Page 40
Story: Hit Me with Your Best Charm
Time passes differently in this neck of the woods.
Slow, sluggish. And what’s most frightening is how my sense of timing was all off—that is, if Emily was right about hearing Kiara’s scream only a whole hour ago.
It wasn’t like this yesterday. I felt every minute of walking.
Every ache. Every stone underfoot. Every bump in the trail I almost tripped over.
And when twilight fell upon us, I didn’t question its arrival.
I woke the next morning feeling like shit, but at least I knew it was morning. I could see the sun.
Tayla and I haven’t seen the sun since we split from the rest of the Fellowship.
Is time preserved in this area? Is that why the tree we hid under is still strong despite the obvious rot and neglect?

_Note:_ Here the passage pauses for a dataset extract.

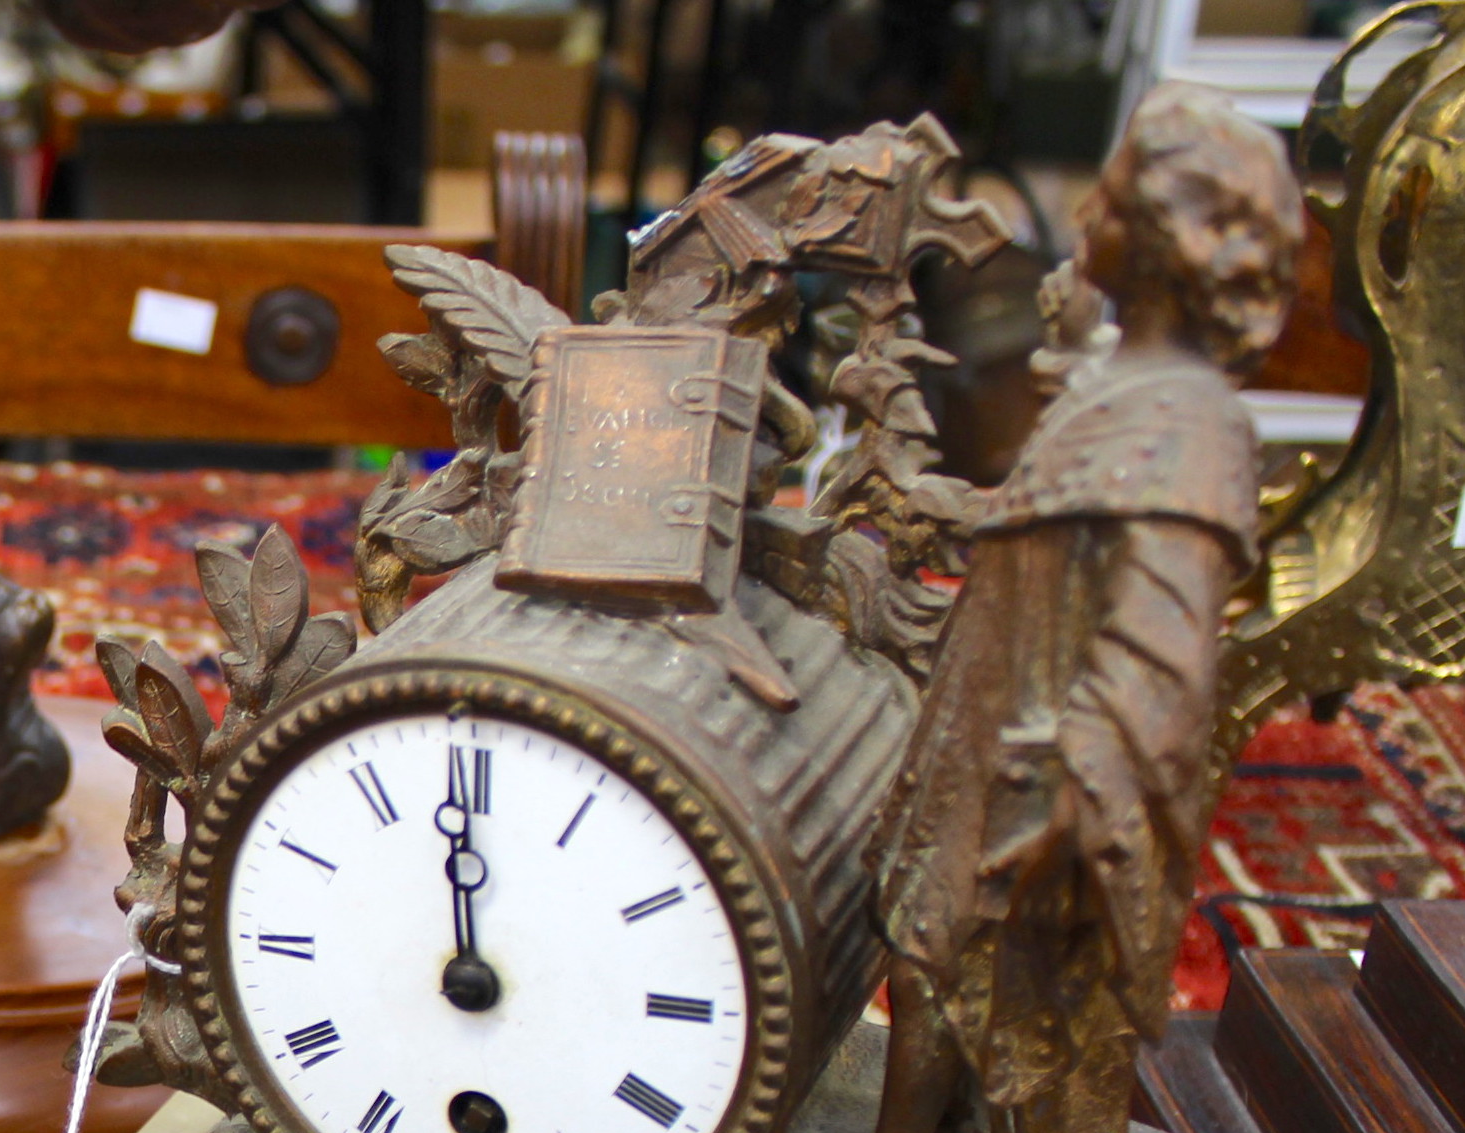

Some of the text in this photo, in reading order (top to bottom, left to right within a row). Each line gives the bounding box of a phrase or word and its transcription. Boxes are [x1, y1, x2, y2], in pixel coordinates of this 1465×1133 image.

[348, 760, 404, 833] XI
[619, 885, 686, 924] II
[257, 926, 315, 961] IX
[645, 992, 714, 1024] III

Is that even possible? Then again, why am I questioning what’s possible when so much that should be impossible has already happened?

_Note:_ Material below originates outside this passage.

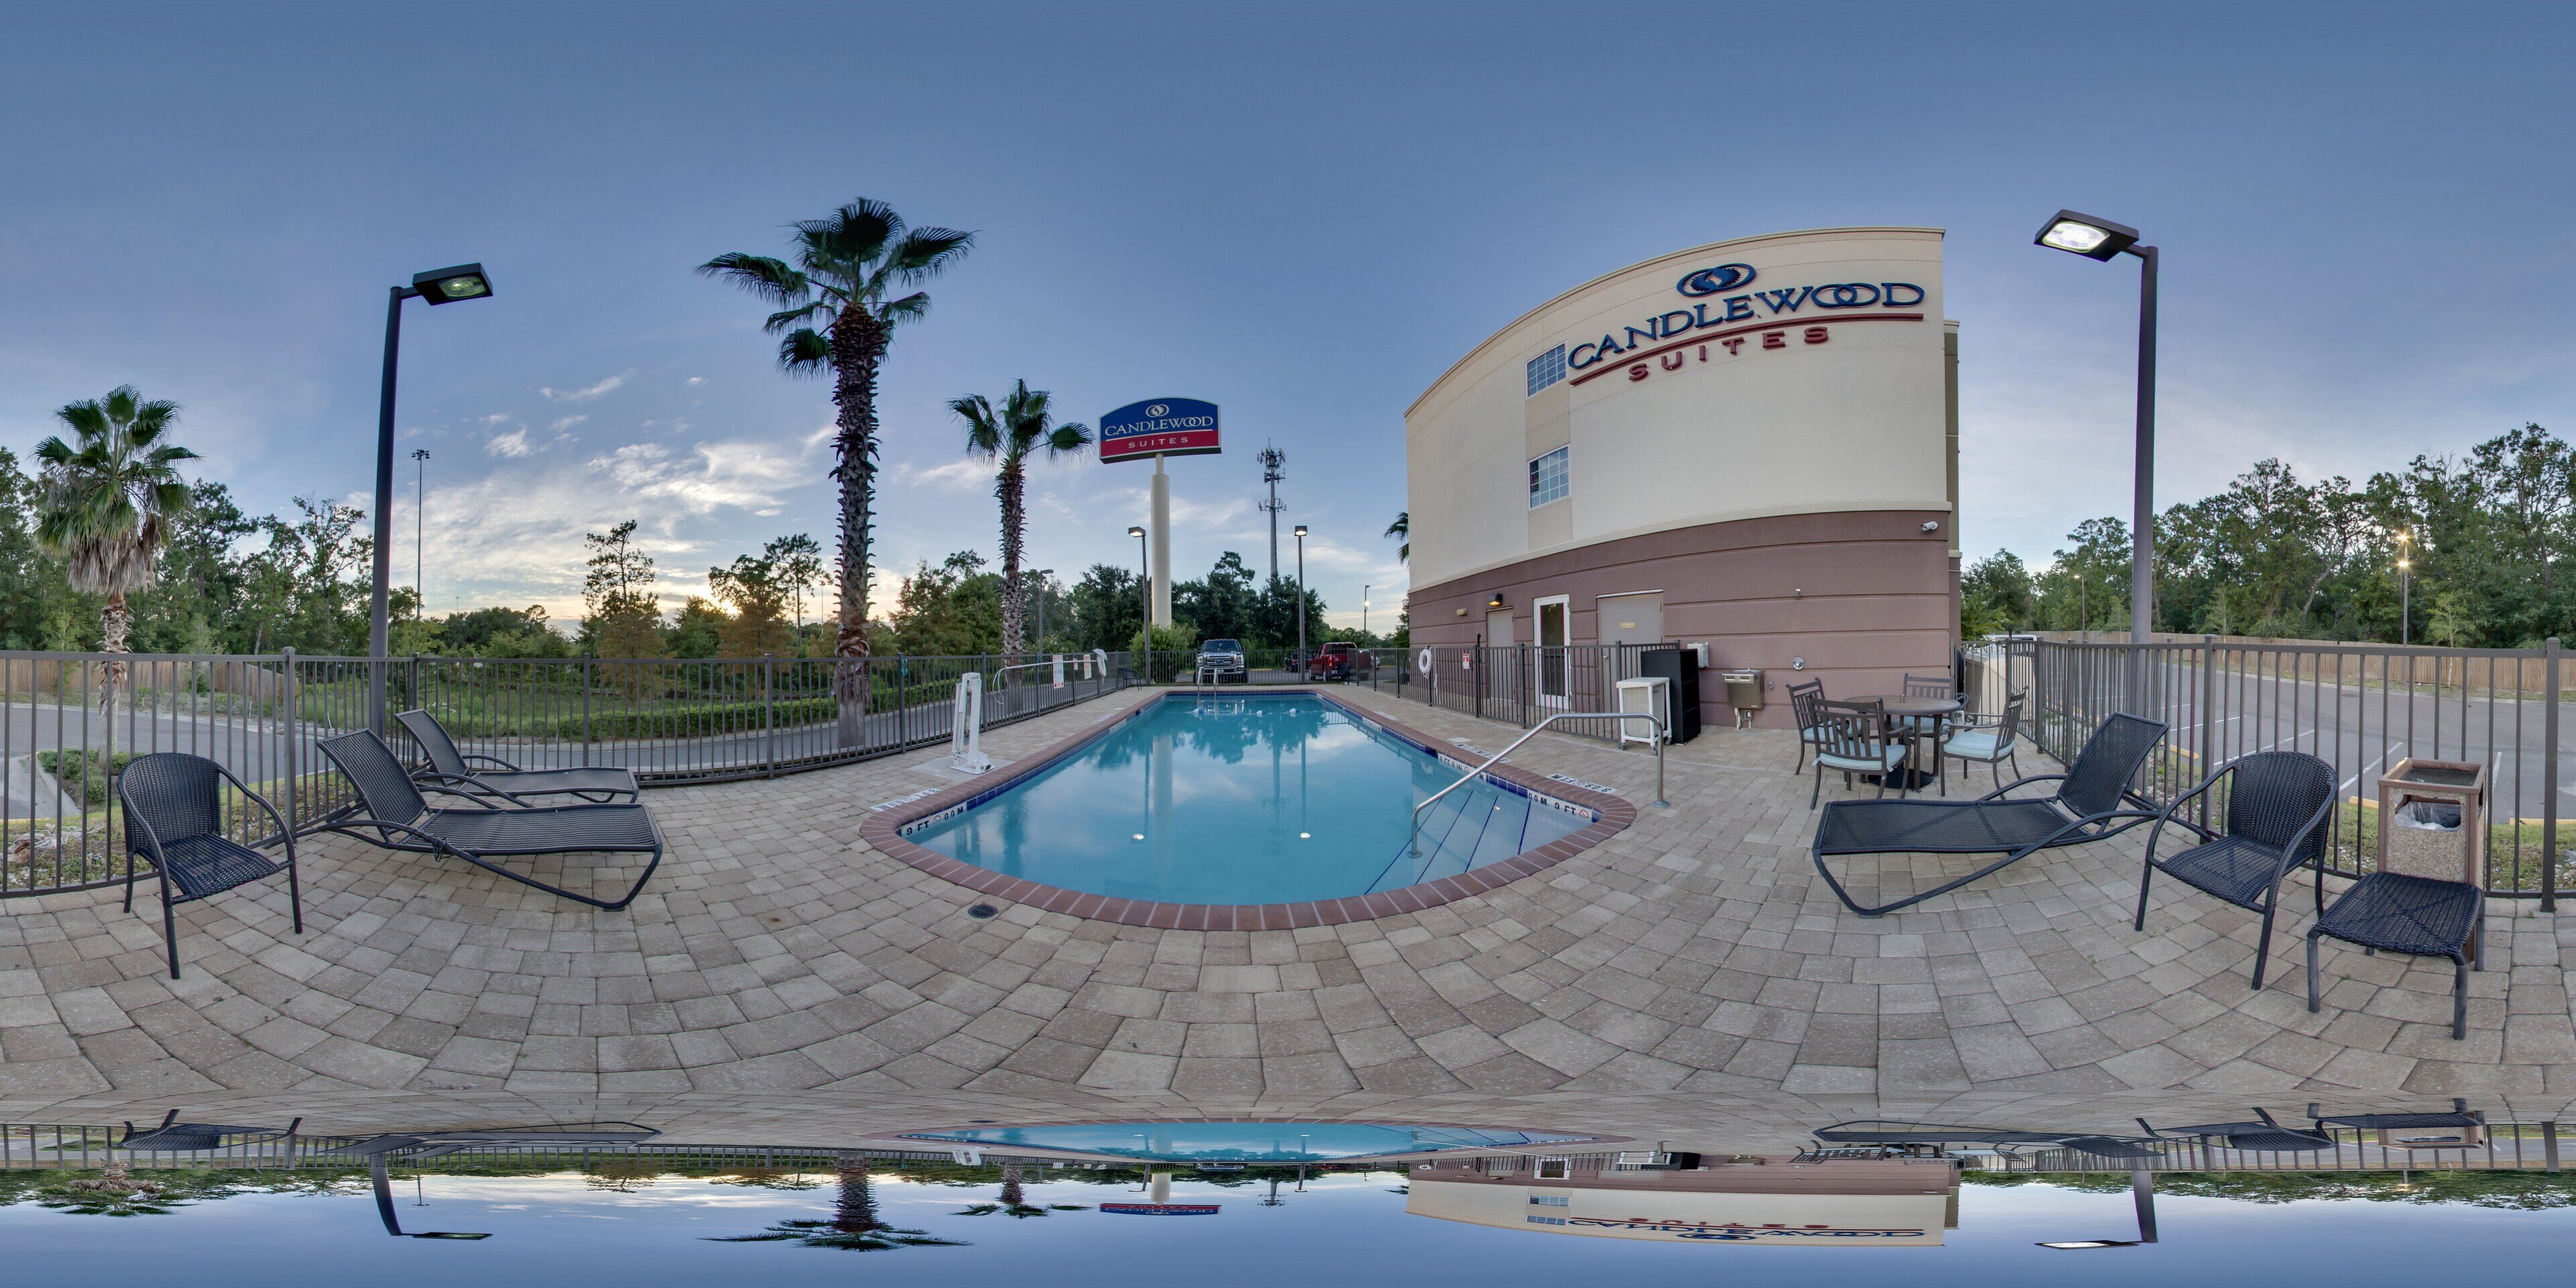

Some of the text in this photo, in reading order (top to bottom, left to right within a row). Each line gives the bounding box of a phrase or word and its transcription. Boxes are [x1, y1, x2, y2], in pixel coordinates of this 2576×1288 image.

My head hurts just thinking about it, and I don’t have any of my oils with me.
Kiara’s massage feels like a lifetime ago.
“Did your dad ever lose track of time in the forest?” asks Tayla. It’s the first sentence she’s spoken since we parted ways with Brian and Emily.
I consider. “He spent a lot of time in here, studying the ecosystem and stuff, and he was late sometimes, but it was an hour or two, tops. And he usually had Shane with him, so even if my mom was worried, it was regular worried and not worried worried.”
“That’s Austin’s dad, right?”
“Mm-hmm.”
“Do you think he went looking for the wishing well?”
Truthfully, I can’t say. My memories of Shane are even muddier than memories of my dad.
Shane was a man who found joy in the simplest of things, whose suntanned skin held so many laugh lines it looked like cracked earth.
He had endless patience for children’s poorly performed magic tricks, taught me how to make my first campfire s’mores, and threw my dad a surprise birthday party every year that we all saw coming a mile away. He was a good man.
But then he cheated on Austin’s mom with a woman from one of his tours, and even though Austin and I were too young to really understand, we knew he never quite found his way back to his marriage.
And now I think I know what Dad realized the night he left.
Why Shane did this foolish, foolish thing .
“This one time when we were nine, our dads took us camping,” I say.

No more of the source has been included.